According to the teaching of Arius, the preexistent Logos and thus the incarnate Jesus Christ was a begotten being; only the Son was directly begotten by God the Father, before ages, but was of a distinct, though similar, essence or substance from the Creator. His opponents argued that this would make Jesus less than God and that this was heretical. Much of the distinction between the differing factions was over the phrasing that Christ expressed in the New Testament to express submission to God the Father. The theological term for this submission is kenosis. This ecumenical council declared that Jesus Christ was true God, co-eternal and consubstantial (i.e., of the same substance) with God the Father.

Constantine is believed to have exiled those who refused to accept the Nicaean Creed—Arius himself, the deacon Euzoios, and the Libyan bishops Theonas of Marmarica and Secundus of Ptolemais—and also the bishops who signed the creed but refused to join in condemnation of Arius, Eusebius of Nicomedia and Theognis of Nicaea.

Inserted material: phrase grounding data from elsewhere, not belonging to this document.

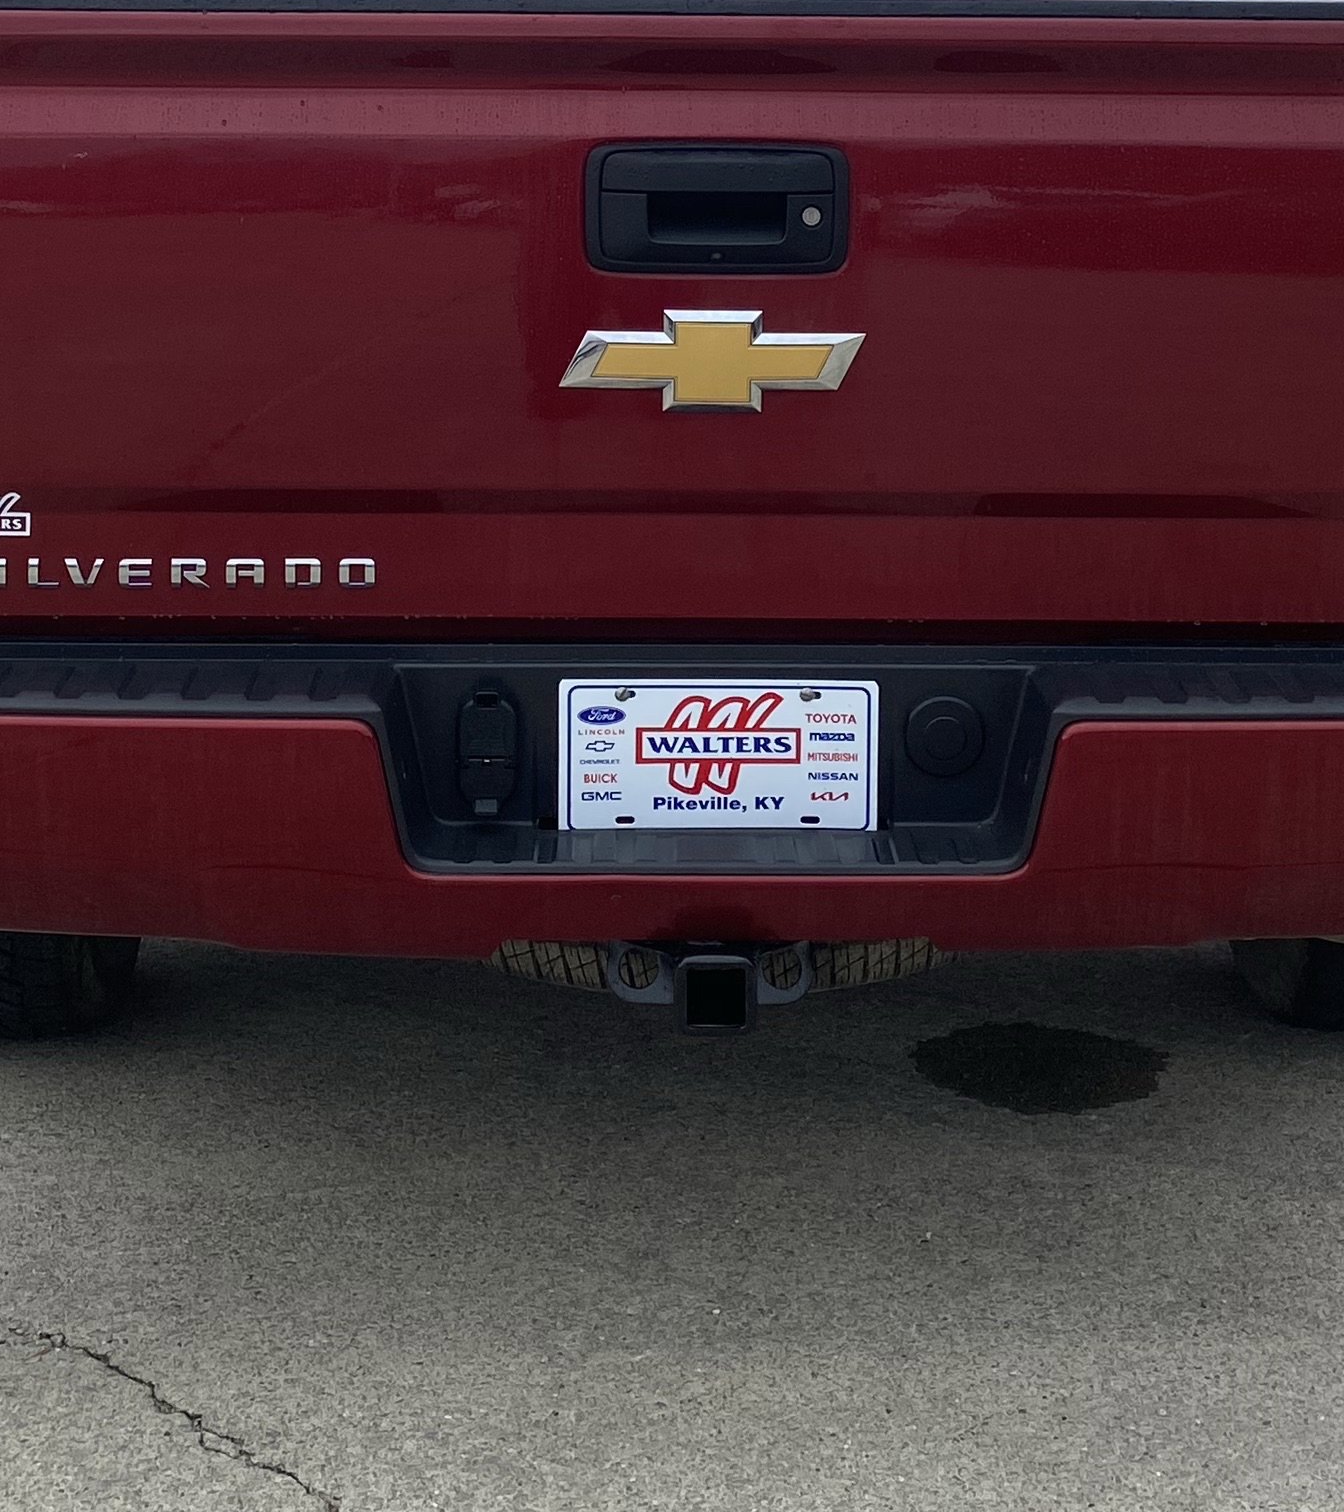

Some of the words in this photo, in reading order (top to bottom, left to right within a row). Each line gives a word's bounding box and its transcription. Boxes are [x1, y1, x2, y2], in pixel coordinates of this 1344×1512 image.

[805, 713, 857, 724] TOYOTA
[646, 736, 792, 754] WALTERS
[807, 752, 858, 762] MITSUBISHI
[584, 773, 618, 784] BUICK
[808, 772, 858, 781] NISSAN
[581, 791, 622, 801] GMC
[653, 796, 747, 812] Pikeville,
[755, 796, 785, 810] KY
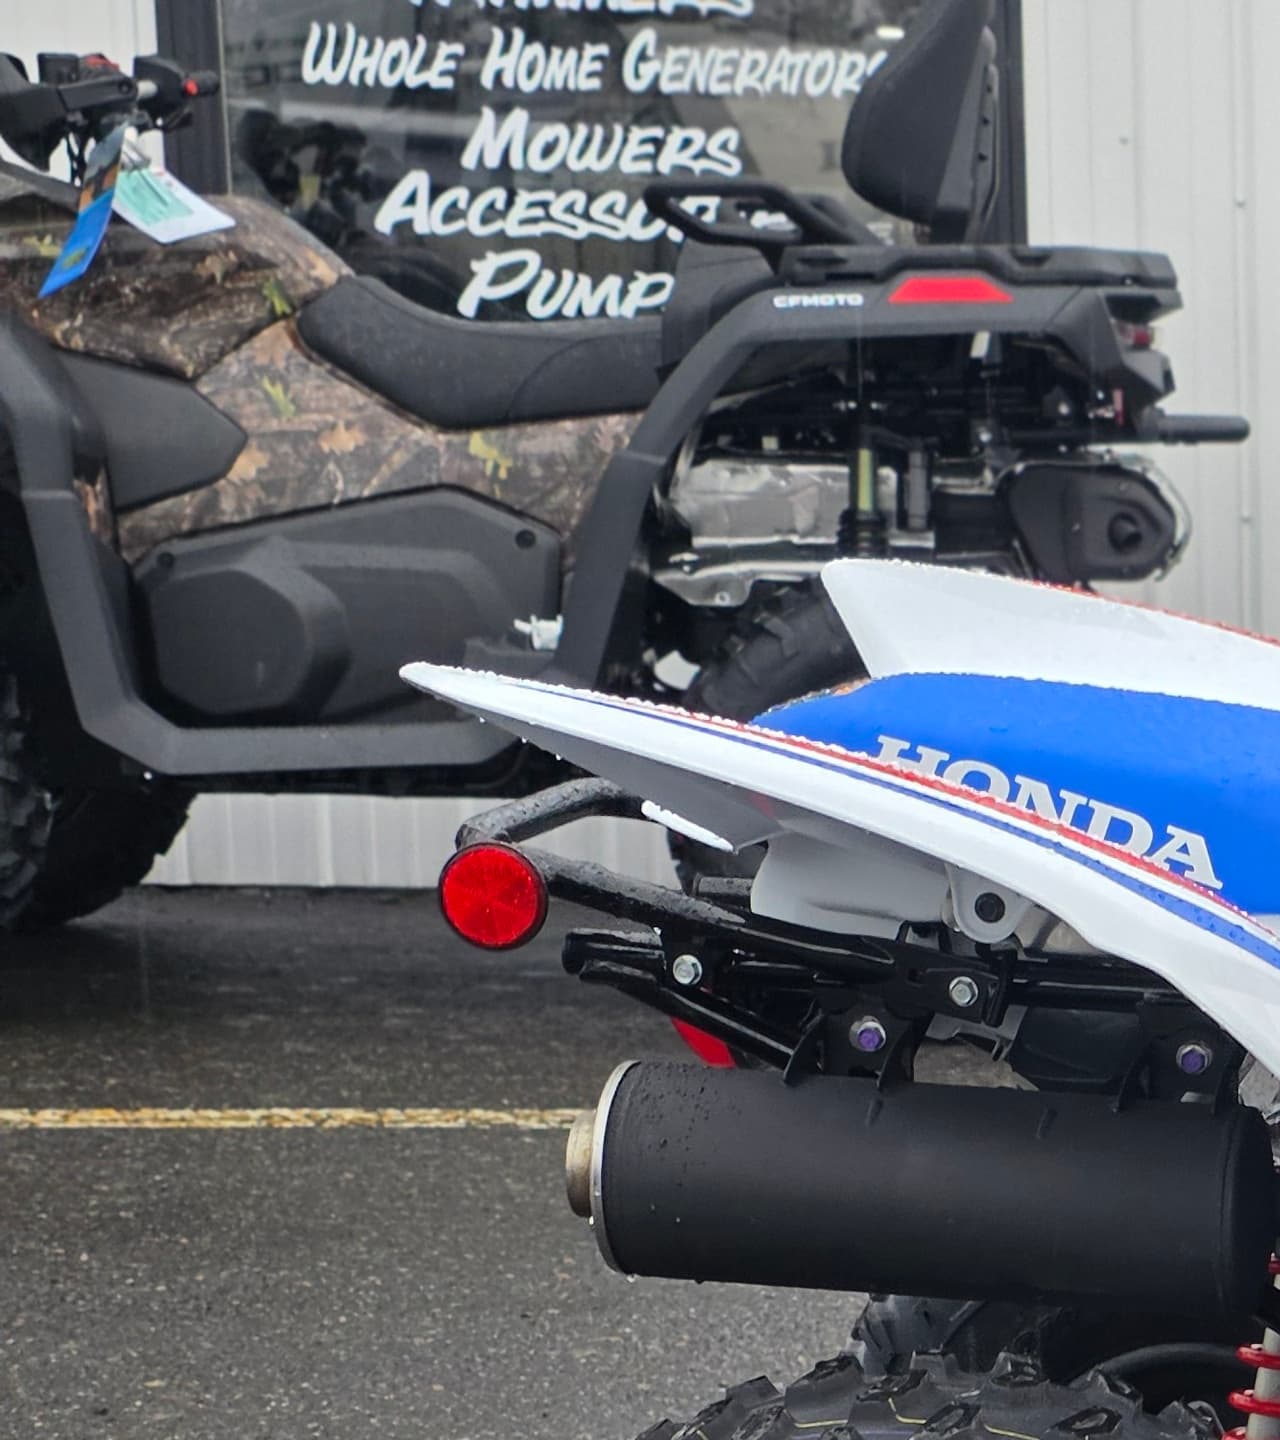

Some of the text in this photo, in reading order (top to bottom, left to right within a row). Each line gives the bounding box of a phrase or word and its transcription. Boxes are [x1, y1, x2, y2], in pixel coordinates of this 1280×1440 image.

The emperor also ordered all copies of the Thalia, the book in which Arius had expressed his teachings, to be burned. However, there is no evidence that his son and ultimate successor, Constantius II, who was a Semi-Arian Christian, was exiled.

Although he was committed to maintaining what the Great Church had defined at Nicaea, Constantine was also bent on pacifying the situation and eventually became more lenient toward those condemned and exiled at the council. First, he allowed Eusebius of Nicomedia, who was a protégé of his sister, and Theognis to return once they had signed an ambiguous statement of faith. The two, and other friends of Arius, worked for Arius's rehabilitation.

At the First Synod of Tyre in AD 335, they brought accusations against Athanasius, now bishop of Alexandria, the primary opponent of Arius. After this, Constantine had Athanasius banished since he considered him an impediment to reconciliation. In the same year, the Synod of Jerusalem under Constantine's direction readmitted Arius to communion in 336. Arius died on the way to this event in Constantinople. Some scholars suggest that Arius may have been poisoned by his opponents. Eusebius and Theognis remained in the Emperor's favor, and when Constantine, who had been a catechumen much of his adult life, accepted baptism on his deathbed, it was from Eusebius of Nicomedia.

Aftermath of Nicaea

The First Council of Nicaea did not end the controversy, as many bishops of the Eastern provinces disputed the homoousios, the central term of the Nicene Creed, as it had been used by Paul of Samosata, who had advocated a monarchianist Christology. Both the man and his teaching, including the term homoousios, had been condemned by the Synods of Antioch in 269.
Hence, after Constantine's death in 337, open dispute resumed again. Constantine's son Constantius II, who had become emperor of the eastern part of the Roman Empire, actually encouraged the Arians and set out to reverse the Nicene Creed. His advisor in these affairs was Eusebius of Nicomedia, who had already at the Council of Nicaea been the head of the Arian party, who also was made the bishop of Constantinople.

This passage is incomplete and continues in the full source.